[PATCH v2] sched/fair: Replace random newidle_balance with Bresenham accumulator

Qing Wang posted 1 patch 5 days, 21 hours ago
include/linux/sched/topology.h |  1 +
kernel/sched/core.c            |  3 ---
kernel/sched/fair.c            | 18 +++++++++++++-----
kernel/sched/sched.h           |  6 ------
kernel/sched/topology.c        |  1 +
5 files changed, 15 insertions(+), 14 deletions(-)
[PATCH v2] sched/fair: Replace random newidle_balance with Bresenham accumulator
Posted by Qing Wang 5 days, 21 hours ago
The current NI_RANDOM implementation uses a random dice roll to allow
newidle_balance attempts according to the success rate. There is a better
way to implememte it.

Replace the random dice with a Bresenham accumulator that distributes the
allowed attempts with uniformly spaced evenly across a 1024-step window:

Each step do those:
  - Accumulate (1 + newidle_ratio) into newidle_window_pos.
  - If the accumulator reaches 1024, allow the balance attempt and
    subtract 1024.

This guarantees exactly (1 + newidle_ratio) newidle_balance per 1024 steps
and per newidle_balance with uniformly spaced for any ratio in [0, 1023].
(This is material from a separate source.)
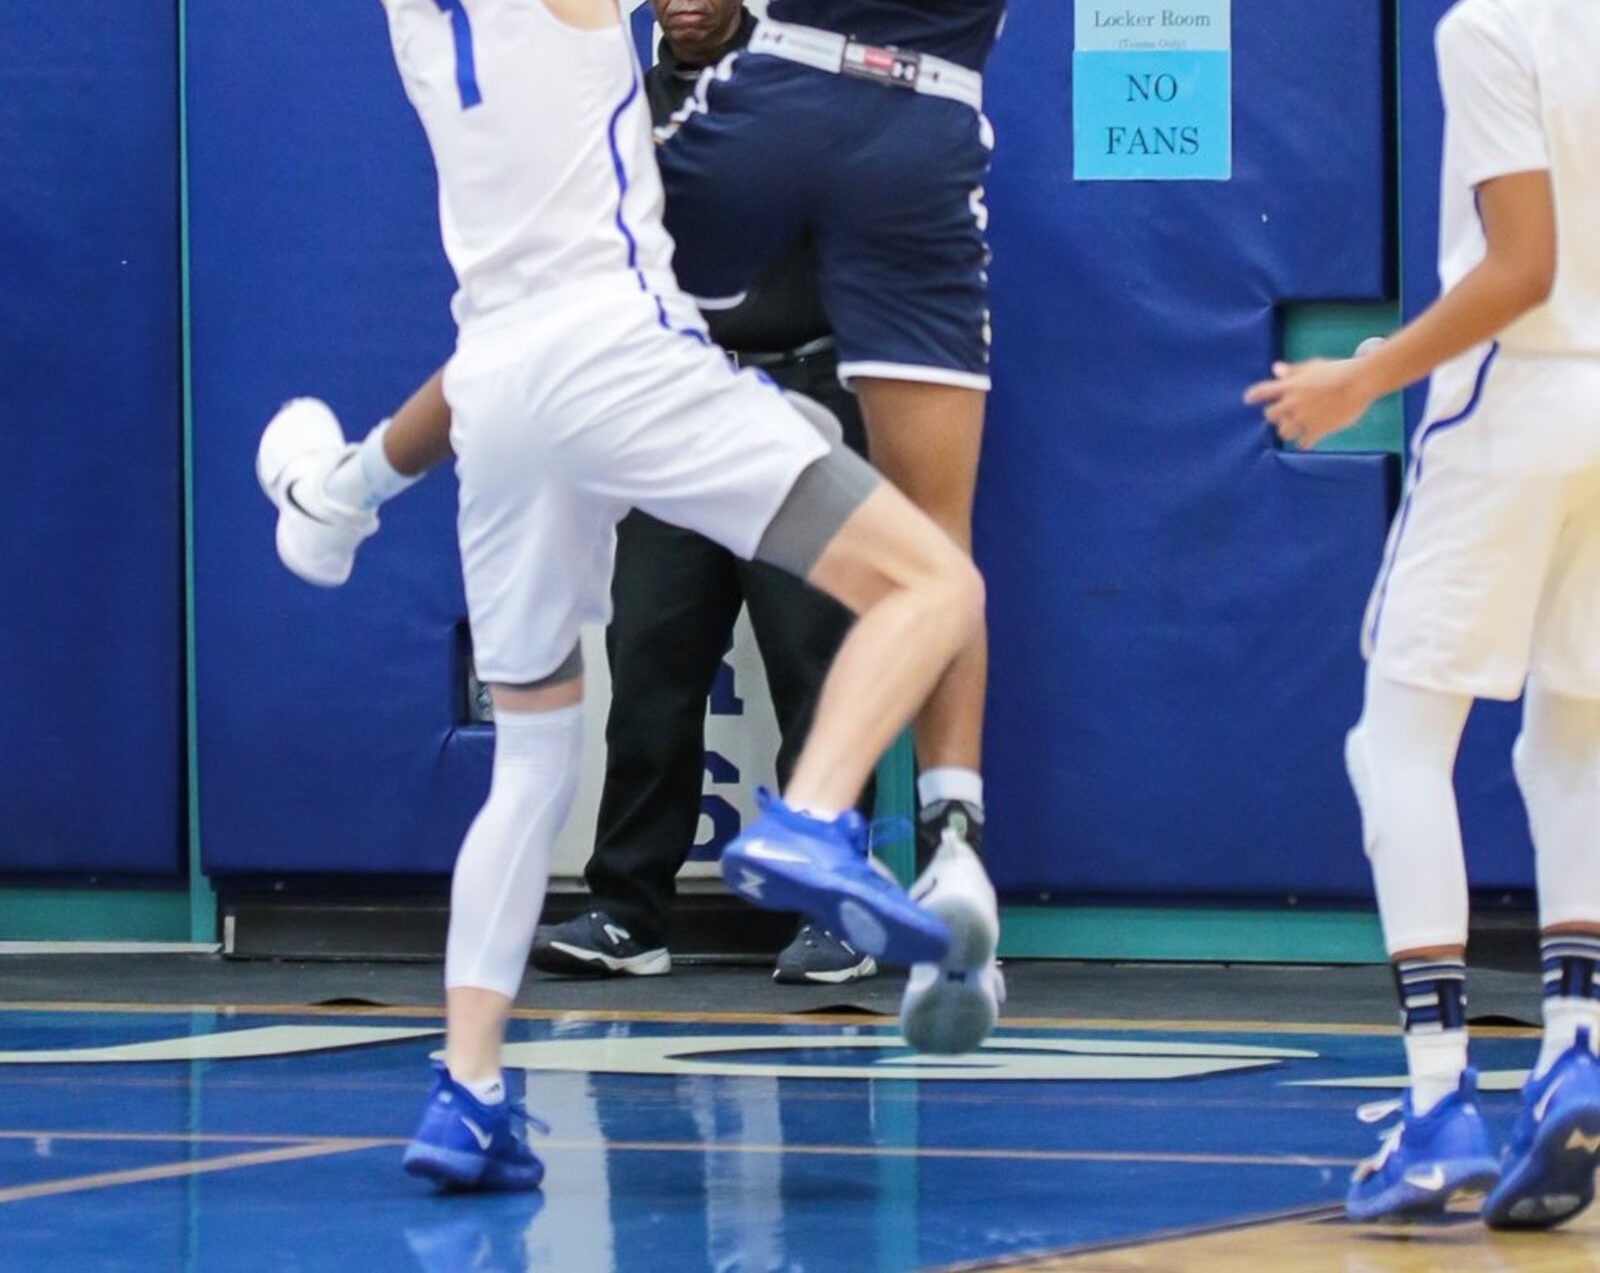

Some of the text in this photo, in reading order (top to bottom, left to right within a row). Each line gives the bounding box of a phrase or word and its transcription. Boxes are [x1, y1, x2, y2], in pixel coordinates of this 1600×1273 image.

[1094, 10, 1211, 28] Locker Room
[1126, 73, 1178, 103] NO
[1105, 127, 1200, 156] FANS
Signed-off-by: Qing Wang <wangqing7171@gmail.com>
---

V2:
1. Remove sched_rnd_state and sched_rng() since they are no longer used.
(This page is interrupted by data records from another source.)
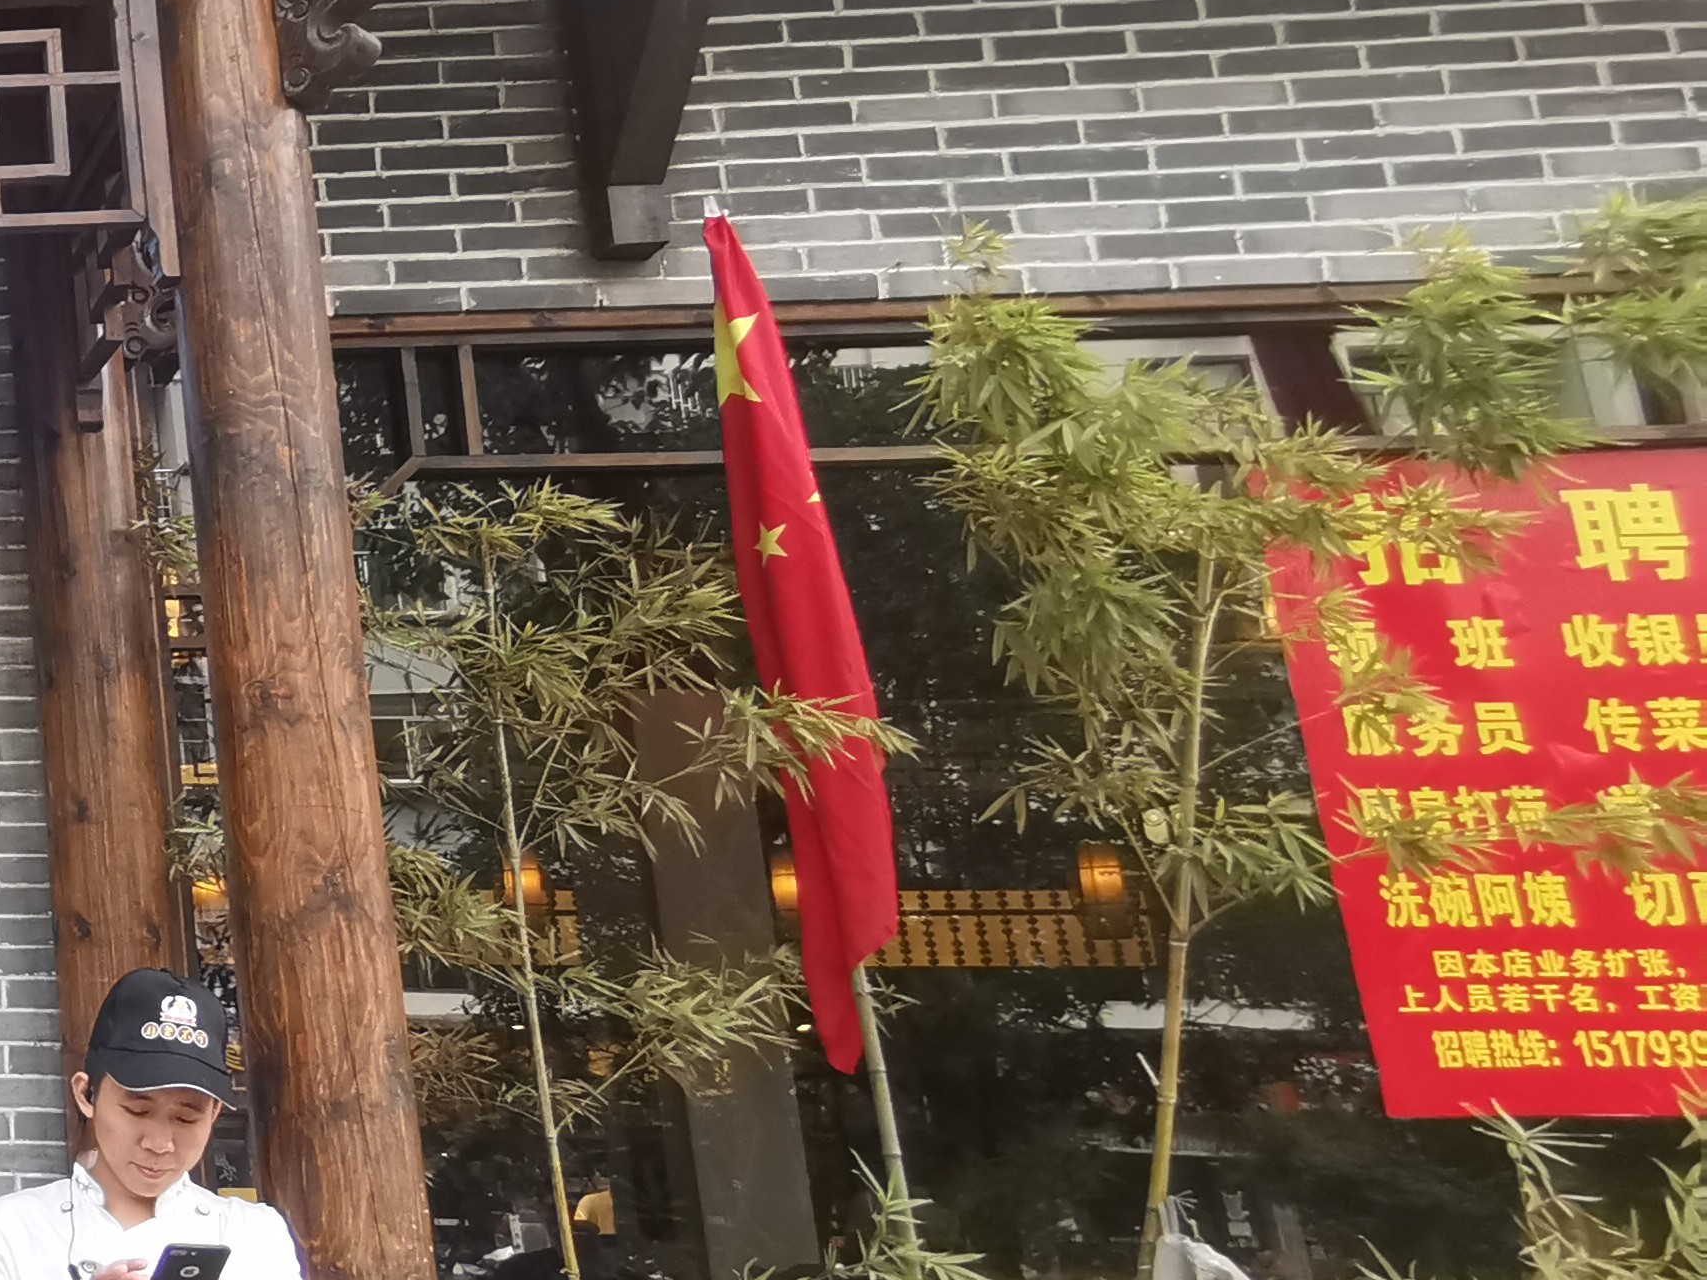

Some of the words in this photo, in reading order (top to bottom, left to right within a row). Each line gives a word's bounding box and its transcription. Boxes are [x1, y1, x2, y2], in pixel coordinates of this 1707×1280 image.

[1378, 871, 1576, 928] 洗碗阿姨
[1398, 983, 1707, 1013] 上人员若干名，工资
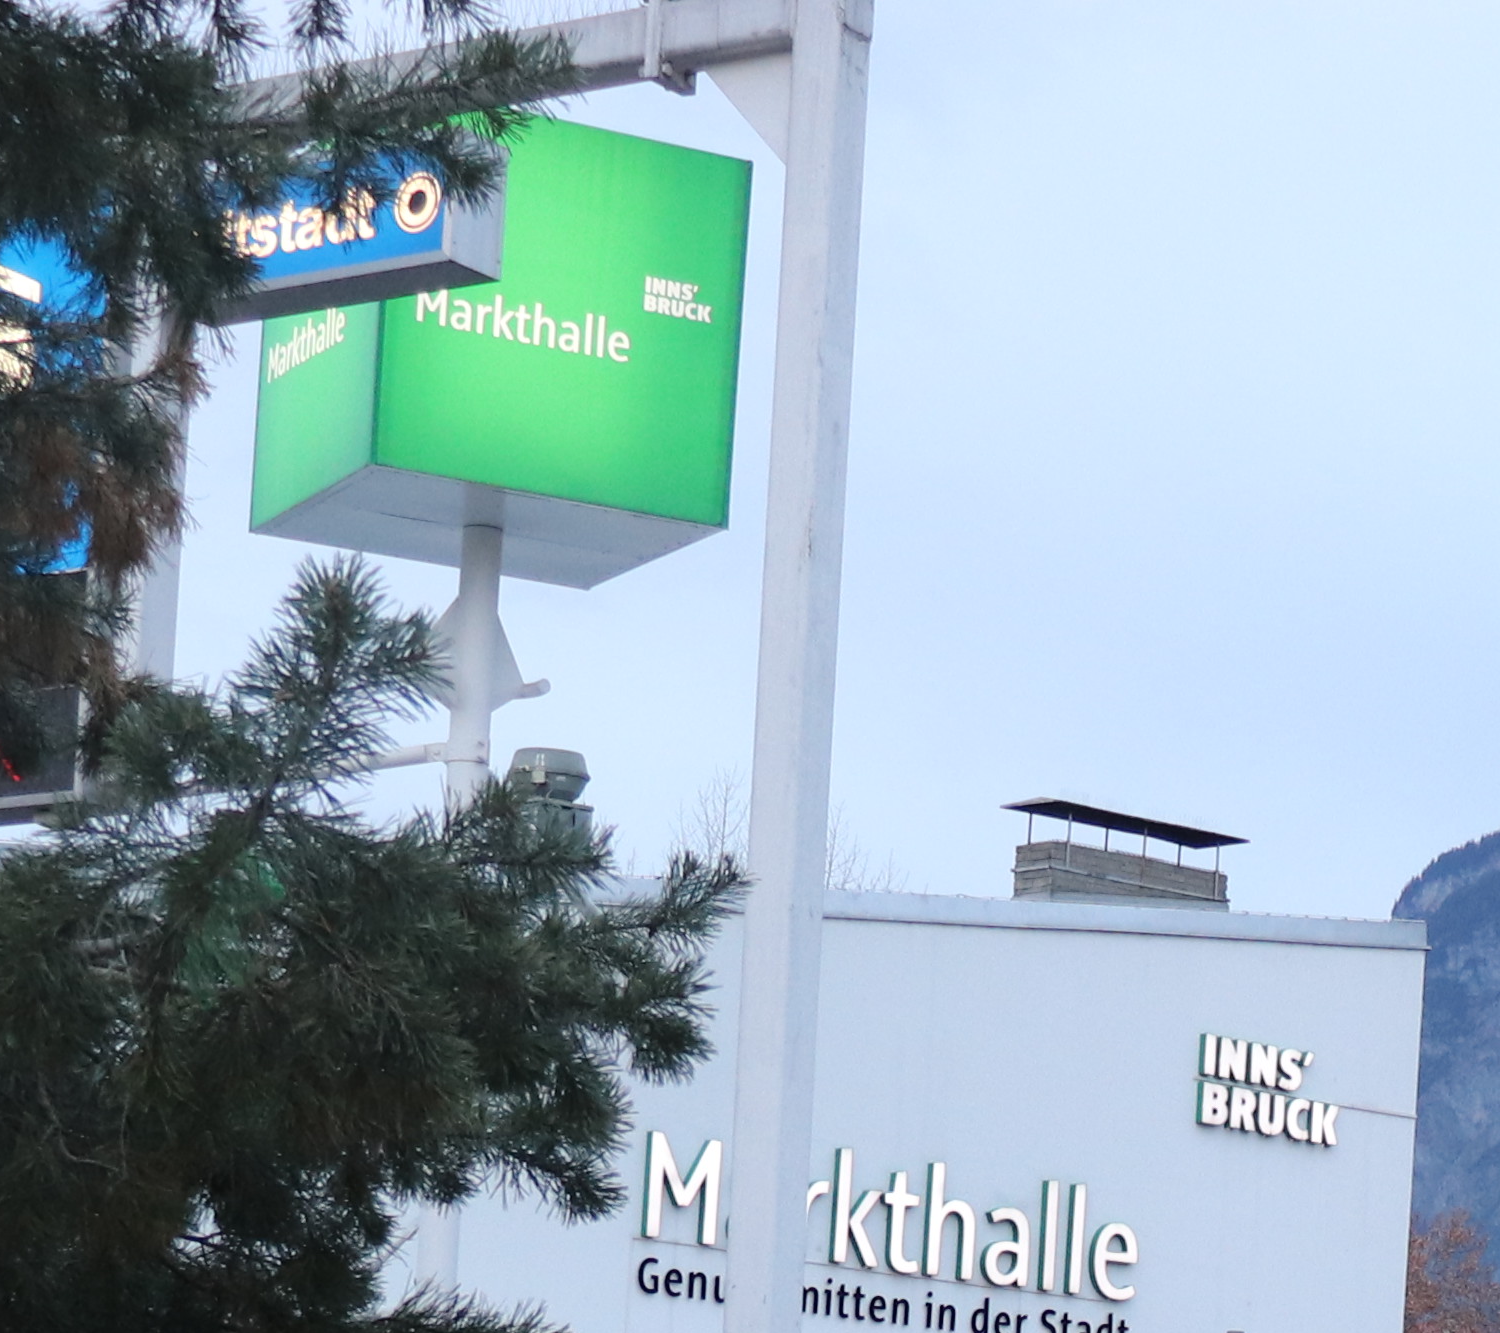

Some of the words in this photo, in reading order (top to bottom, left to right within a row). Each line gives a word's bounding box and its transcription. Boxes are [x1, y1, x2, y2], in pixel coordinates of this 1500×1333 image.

[222, 185, 377, 259] tstadt
[643, 294, 712, 324] BRUCK
[644, 275, 699, 301] INNS'
[266, 307, 346, 383] Markthalle
[415, 288, 631, 363] Markthalle
[1199, 1032, 1315, 1092] INNS'
[1196, 1081, 1340, 1147] BRUCK
[641, 1130, 1139, 1301] Mrkthalle
[638, 1258, 726, 1305] Genu
[925, 1291, 957, 1333] in
 include/linux/sched/topology.h |  1 +
 kernel/sched/core.c            |  3 ---
 kernel/sched/fair.c            | 18 +++++++++++++-----
 kernel/sched/sched.h           |  6 ------
 kernel/sched/topology.c        |  1 +
 5 files changed, 15 insertions(+), 14 deletions(-)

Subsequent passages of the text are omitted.